- [WORK INSTRUCTIONS]
All entries are to be given again verbatim.

- [THE DATA]
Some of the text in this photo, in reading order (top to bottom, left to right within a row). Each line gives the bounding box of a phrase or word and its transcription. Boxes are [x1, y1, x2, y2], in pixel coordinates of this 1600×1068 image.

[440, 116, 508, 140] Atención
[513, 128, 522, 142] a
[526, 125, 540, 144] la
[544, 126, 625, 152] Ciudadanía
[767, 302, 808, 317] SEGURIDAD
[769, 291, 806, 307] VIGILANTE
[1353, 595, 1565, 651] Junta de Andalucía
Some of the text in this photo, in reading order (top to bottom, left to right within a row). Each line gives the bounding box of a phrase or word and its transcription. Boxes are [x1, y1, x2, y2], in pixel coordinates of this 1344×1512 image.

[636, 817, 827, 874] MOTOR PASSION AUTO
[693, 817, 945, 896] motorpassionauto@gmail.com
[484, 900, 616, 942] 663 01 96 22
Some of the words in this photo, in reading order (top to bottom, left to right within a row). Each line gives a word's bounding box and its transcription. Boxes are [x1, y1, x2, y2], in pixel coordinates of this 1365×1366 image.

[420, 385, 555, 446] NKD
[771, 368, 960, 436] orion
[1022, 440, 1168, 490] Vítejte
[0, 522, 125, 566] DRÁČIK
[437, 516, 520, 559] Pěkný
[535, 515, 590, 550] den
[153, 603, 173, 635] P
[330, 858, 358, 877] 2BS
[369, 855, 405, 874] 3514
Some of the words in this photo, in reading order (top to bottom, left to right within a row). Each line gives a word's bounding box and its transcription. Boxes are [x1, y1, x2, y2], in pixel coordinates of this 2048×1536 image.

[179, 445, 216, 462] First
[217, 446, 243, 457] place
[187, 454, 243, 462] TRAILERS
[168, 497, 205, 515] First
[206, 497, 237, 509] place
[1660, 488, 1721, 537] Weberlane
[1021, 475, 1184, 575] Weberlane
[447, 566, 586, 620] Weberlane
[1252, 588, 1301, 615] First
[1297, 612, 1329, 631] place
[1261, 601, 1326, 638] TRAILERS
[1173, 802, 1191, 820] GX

- [ANSWER SPACE]
Some of the text in this photo, in reading order (top to bottom, left to right within a row). Each line gives the bounding box of a phrase or word and its transcription. Boxes are [x1, y1, x2, y2], in pixel coordinates of this 1600×1068 image.

[440, 116, 508, 140] Atención
[513, 128, 522, 142] a
[526, 125, 540, 144] la
[544, 126, 625, 152] Ciudadanía
[767, 302, 808, 317] SEGURIDAD
[769, 291, 806, 307] VIGILANTE
[1353, 595, 1565, 651] Junta de Andalucía
Some of the text in this photo, in reading order (top to bottom, left to right within a row). Each line gives the bounding box of a phrase or word and its transcription. Boxes are [x1, y1, x2, y2], in pixel coordinates of this 1344×1512 image.

[636, 817, 827, 874] MOTOR PASSION AUTO
[693, 817, 945, 896] motorpassionauto@gmail.com
[484, 900, 616, 942] 663 01 96 22
Some of the words in this photo, in reading order (top to bottom, left to right within a row). Each line gives a word's bounding box and its transcription. Boxes are [x1, y1, x2, y2], in pixel coordinates of this 1365×1366 image.

[420, 385, 555, 446] NKD
[771, 368, 960, 436] orion
[1022, 440, 1168, 490] Vítejte
[0, 522, 125, 566] DRÁČIK
[437, 516, 520, 559] Pěkný
[535, 515, 590, 550] den
[153, 603, 173, 635] P
[330, 858, 358, 877] 2BS
[369, 855, 405, 874] 3514
Some of the words in this photo, in reading order (top to bottom, left to right within a row). Each line gives a word's bounding box and its transcription. Boxes are [x1, y1, x2, y2], in pixel coordinates of this 2048×1536 image.

[179, 445, 216, 462] First
[217, 446, 243, 457] place
[187, 454, 243, 462] TRAILERS
[168, 497, 205, 515] First
[206, 497, 237, 509] place
[1660, 488, 1721, 537] Weberlane
[1021, 475, 1184, 575] Weberlane
[447, 566, 586, 620] Weberlane
[1252, 588, 1301, 615] First
[1297, 612, 1329, 631] place
[1261, 601, 1326, 638] TRAILERS
[1173, 802, 1191, 820] GX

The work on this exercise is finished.